Economía

Almería retrocede en el flujo de cruceristas

La provincia experimenta un descenso superior al 37% en la llegada de pasajeros durante la primera mitad del año, en contraste con el aumento generalizado en la Comunidad

Sábado 08 de agosto de 2026

El turismo marítimo avanza a ritmo desigual en la geografía del sur peninsular. Mientras la actividad general de cruceros ha experimentado un incremento del 12 % a escala autonómica en los primeros seis meses de 2026, la escala del muelle de Almería ha anotado un notable descenso del 37,3 % en el número de visitantes, registrando un total de 3.561 viajeros distribuidos en 13 embarcaciones, cifra que refleja además un recorte del 7 % en la cifra de buques atracados.
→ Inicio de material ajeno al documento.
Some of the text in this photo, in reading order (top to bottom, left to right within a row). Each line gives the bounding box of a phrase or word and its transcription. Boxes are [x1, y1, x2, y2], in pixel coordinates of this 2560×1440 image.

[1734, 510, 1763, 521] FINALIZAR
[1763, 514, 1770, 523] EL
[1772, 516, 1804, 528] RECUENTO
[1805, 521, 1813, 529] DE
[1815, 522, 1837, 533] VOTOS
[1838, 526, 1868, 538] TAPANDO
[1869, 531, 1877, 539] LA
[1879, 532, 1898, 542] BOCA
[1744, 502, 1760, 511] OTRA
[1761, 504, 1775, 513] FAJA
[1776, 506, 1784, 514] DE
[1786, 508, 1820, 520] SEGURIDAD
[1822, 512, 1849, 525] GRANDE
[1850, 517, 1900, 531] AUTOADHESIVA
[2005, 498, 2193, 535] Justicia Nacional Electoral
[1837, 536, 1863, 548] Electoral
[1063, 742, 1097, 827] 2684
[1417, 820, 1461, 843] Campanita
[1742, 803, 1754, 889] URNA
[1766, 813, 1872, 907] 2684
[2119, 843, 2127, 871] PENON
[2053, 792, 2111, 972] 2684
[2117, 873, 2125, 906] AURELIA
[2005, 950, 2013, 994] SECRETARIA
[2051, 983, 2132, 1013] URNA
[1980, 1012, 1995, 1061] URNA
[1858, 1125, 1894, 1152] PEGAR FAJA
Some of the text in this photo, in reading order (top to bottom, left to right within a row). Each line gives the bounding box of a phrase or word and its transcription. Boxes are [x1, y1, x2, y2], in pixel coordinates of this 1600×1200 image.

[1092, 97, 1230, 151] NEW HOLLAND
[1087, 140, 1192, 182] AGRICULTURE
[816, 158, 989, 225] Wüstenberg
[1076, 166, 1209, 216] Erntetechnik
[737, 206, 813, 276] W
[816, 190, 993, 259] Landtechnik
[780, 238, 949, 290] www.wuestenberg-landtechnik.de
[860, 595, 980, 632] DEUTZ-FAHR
A nivel global en la Comunidad, la red portuaria ha sumado más de medio millón de pasajeros a bordo de 397 barcos en lo que va de ejercicio. Las valoraciones vertidas desde la Consejería competente de la Junta de Andalucía señalan que el objetivo estratégico de las instituciones públicas no pasa únicamente por la mera contabilización de escalas, sino por la capacidad de generar un impacto económico que beneficie al tejido comercial y hostelero local, incentivando además que las estancias promuevan el descubrimiento de la cultura e identidad de los distintos municipios.

Las métricas globales muestran un desempeño destacado en recintos como Cádiz, con más de 255.000 cruceristas, o Málaga, que roza los 200.000 visitantes. No obstante, el comportamiento es heterogéneo a lo largo del mapa autonómico, pues instalaciones como la de Motril han duplicado prácticamente sus registros habituales impulsadas por nuevas operadoras navieras, mientras que en la franja atlántica de Huelva las estadísticas han descendido un 44,3 %.

Expertos de la entidad de promoción portuaria Suncruise indican que las dinámicas geopolíticas internacionales han motivado un desplazamiento de las rutas habituales hacia la cuenca del mar de Alborán y los destinos del sur del Estado, percibidos como áreas de navegación seguras. Paralelamente, se aprecia una transformación en los patrones del viajero, observándose una mayor presencia de buques encuadrados en segmentos de alto poder adquisitivo y un avance paulatino hacia la desestacionalización del servicio marítimo.